9.1.1 This section is mainly applicable to the assembled type single-storey factory buildings with R.C.Columns and the structural layout shall be in accordance with the following requirements:
1 Multi-span factory building should be equal in height and length and the high-low span factory building should not be adopted with structural layout featured by one-end opening.
2 Auxiliary buildings and structure of a factory building should not be arranged at the corners of the buildings or close to the seismic joints.
3 Where the factory building body is complex or there are auxiliary houses and structures, seismic joints should be adopted; At the longitudinal and traverse span intersection part of factory building, the seismic joint width of large column-grid factory building or factory building without inter-column support may be 100mm~150 mm and for the other conditions, it may be 50 mm~90 mm.
4 The transition span between two main buildings shall at least be provided with seismic joint at one end in order to be detached from the main building.
5 The iron ladder of crane in factory building shall not be laid close to the seismic joint; the iron ladder of crane at each span of multi-span factory building should not be erected near the same transverse axial line.
6 The operating platform and rigid workshop in factory building should be detached from the major factory building structure.
7 Different structure forms shall not be adopted in the same structural unit of factory building; the factory building end shall be installed with roof truss and with the gable wall shall not be used to bear load; transverse wall and bent frame shall not be used together to bear load in factory building unit.
8 The column space in factory building should be equal; the lateral rigidity of each colonnade should be uniform; where the column is removed, seismic measures shall be taken.
Note: The seismic design for concrete frame-bent structure factory building shall be in accordance with the requirements of Section H.1 in Appendix H of this code. 9.1.2 The installation of factory building skylight truss shall be in accordance with the following requirements:
1 Skylight should be adopted with the wind-sheltered skylight with smaller part extending the roof and sunken skylight should be adopted if possible or where it is for Intensity 9 .

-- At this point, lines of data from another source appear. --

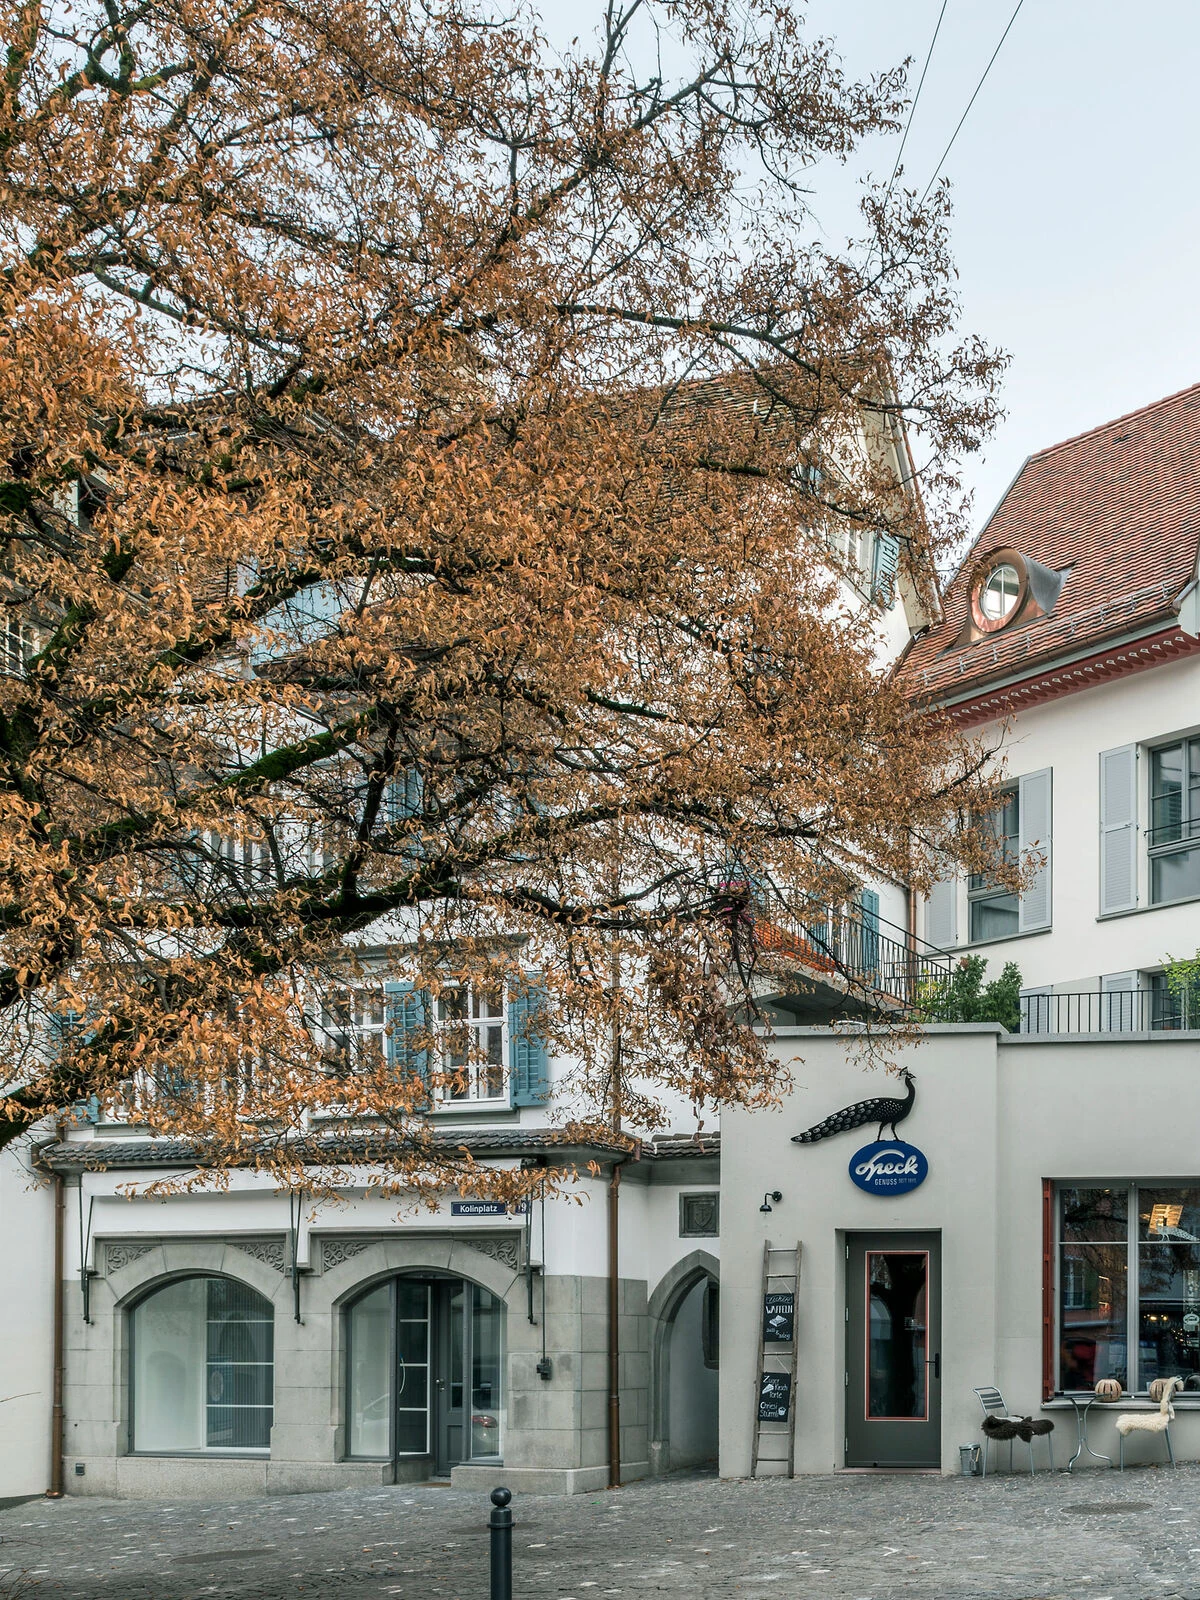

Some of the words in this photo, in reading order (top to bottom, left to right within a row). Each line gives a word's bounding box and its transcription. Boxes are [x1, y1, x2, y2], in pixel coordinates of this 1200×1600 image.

[855, 1149, 919, 1181] Speck
[874, 1178, 897, 1186] GENUSS
[460, 1204, 498, 1214] Kolinplatz
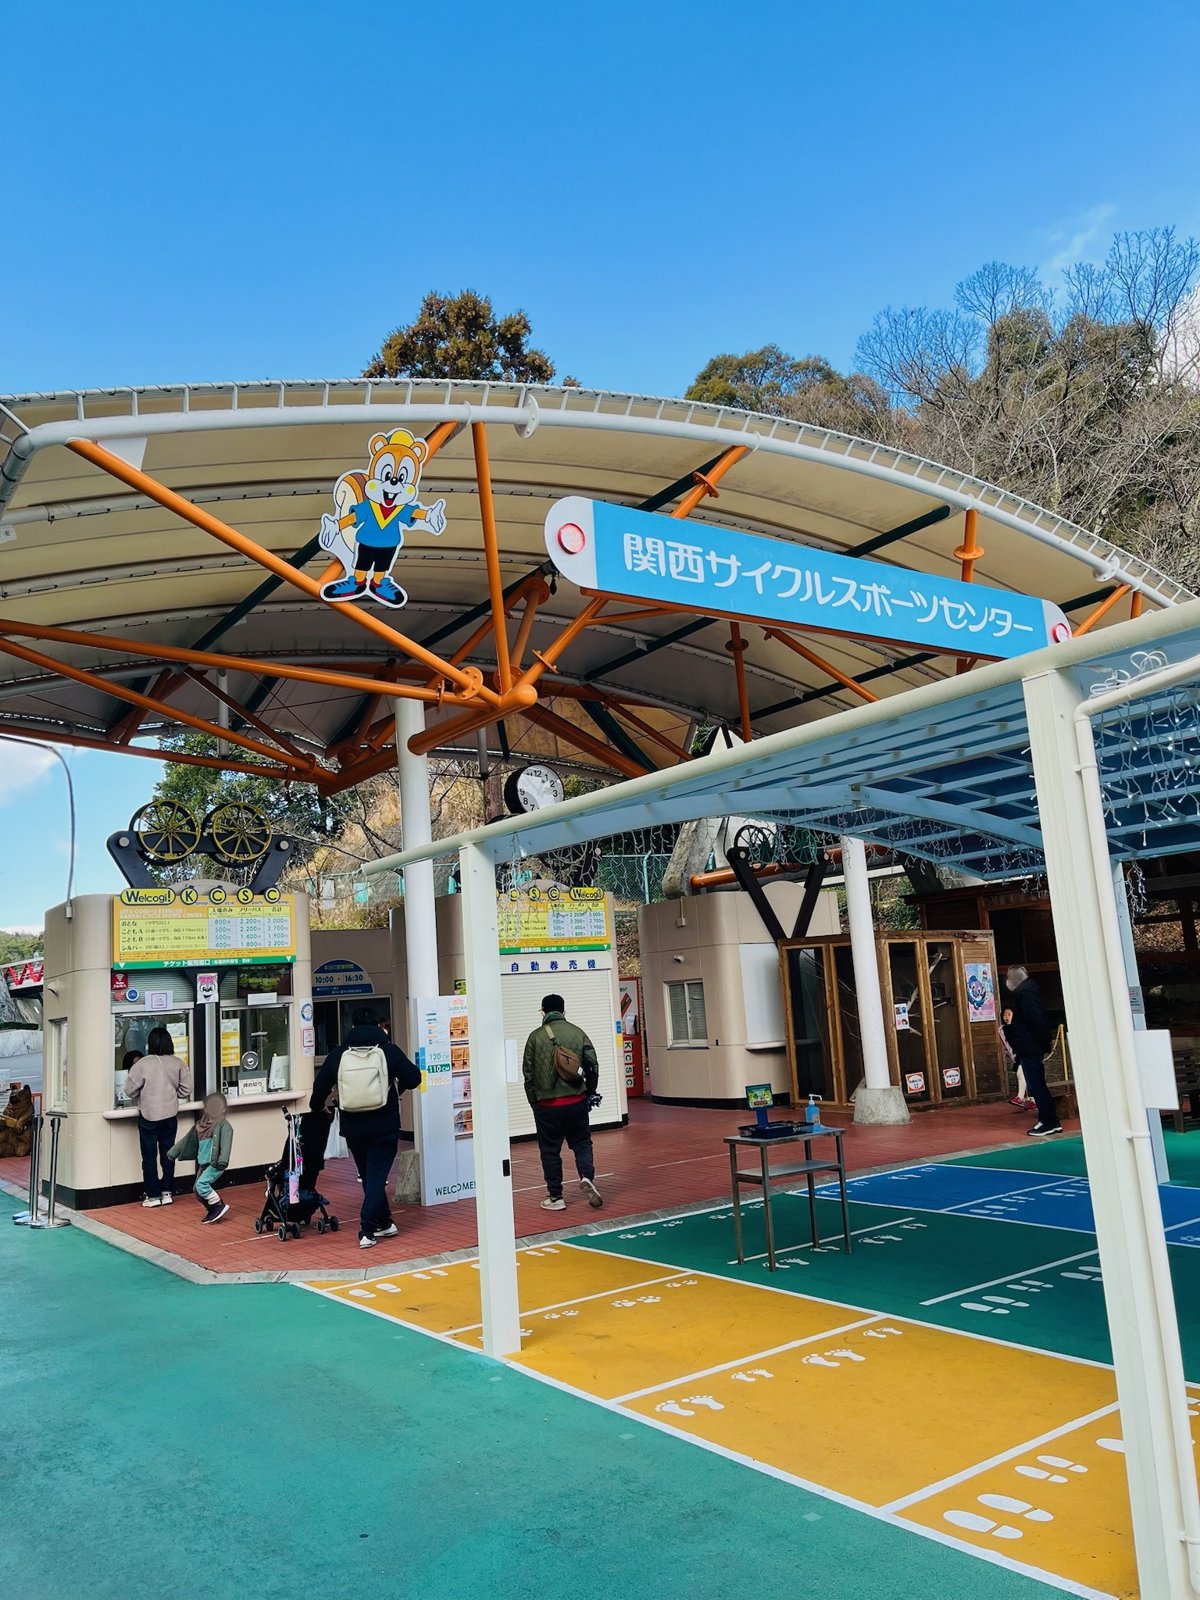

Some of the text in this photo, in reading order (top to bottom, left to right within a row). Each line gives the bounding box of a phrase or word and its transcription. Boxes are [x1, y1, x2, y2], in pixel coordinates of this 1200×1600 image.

[623, 532, 1034, 637] 関西サイクルスポーツセンター
[125, 889, 277, 904] Welcogi! K C S C
[550, 888, 558, 898] C
[511, 959, 596, 972] 自動券売機
[315, 974, 364, 984] 10:00 16:30
[435, 1180, 477, 1196] WELCOME!
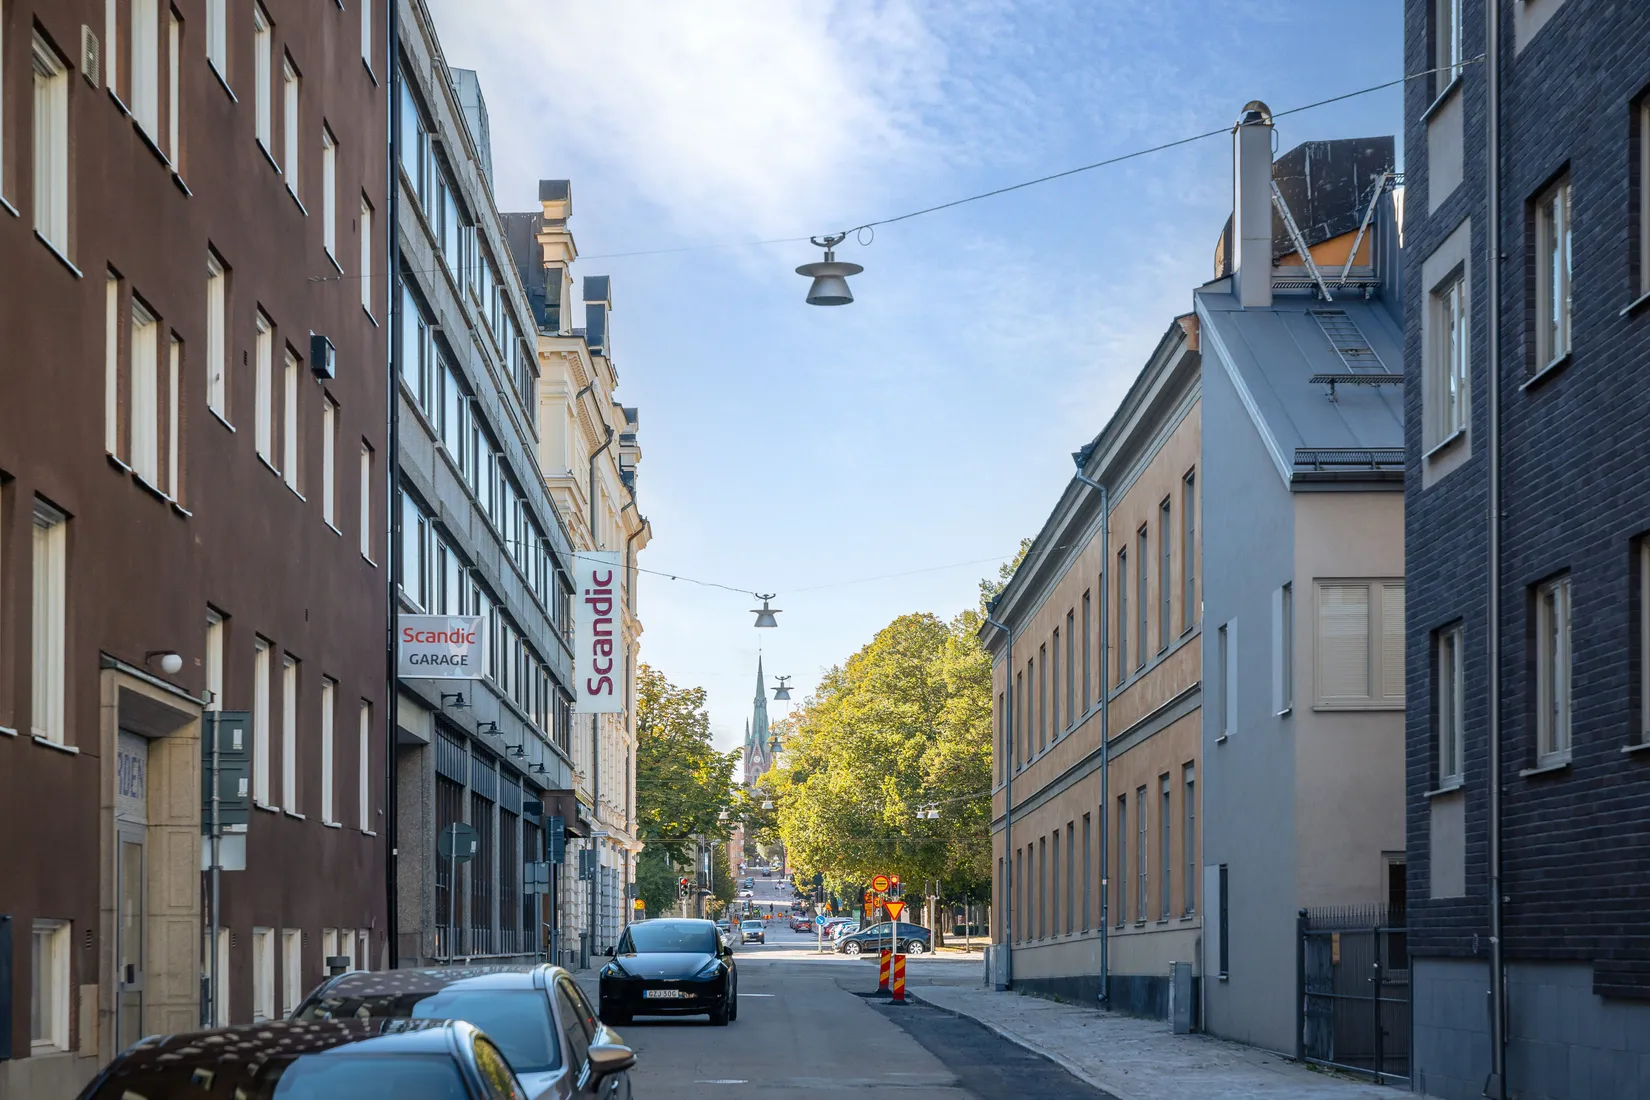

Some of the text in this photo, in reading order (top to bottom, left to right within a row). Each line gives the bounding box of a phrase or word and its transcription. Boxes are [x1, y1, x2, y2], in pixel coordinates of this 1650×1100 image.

[403, 627, 476, 645] Scandic
[585, 570, 613, 696] Scandic
[409, 653, 469, 666] GARAGE

2 The skylight protruding roof should be adopted with steel skylight truss; where it is for Intensity 6~8, reinforced concrete skylight truss with rectangular section member bar may be adopted.
3 The skylight truss should not be installed from the first bay of factory building structural unit; where it is for Intensity 8 and 9, the skylight truss should be installed from the
third bay of factory building unit end.
4 The skylight roof, front sheet and side sheet should be adopted with light sheets; the front sheet shall not replace the end skylight truss.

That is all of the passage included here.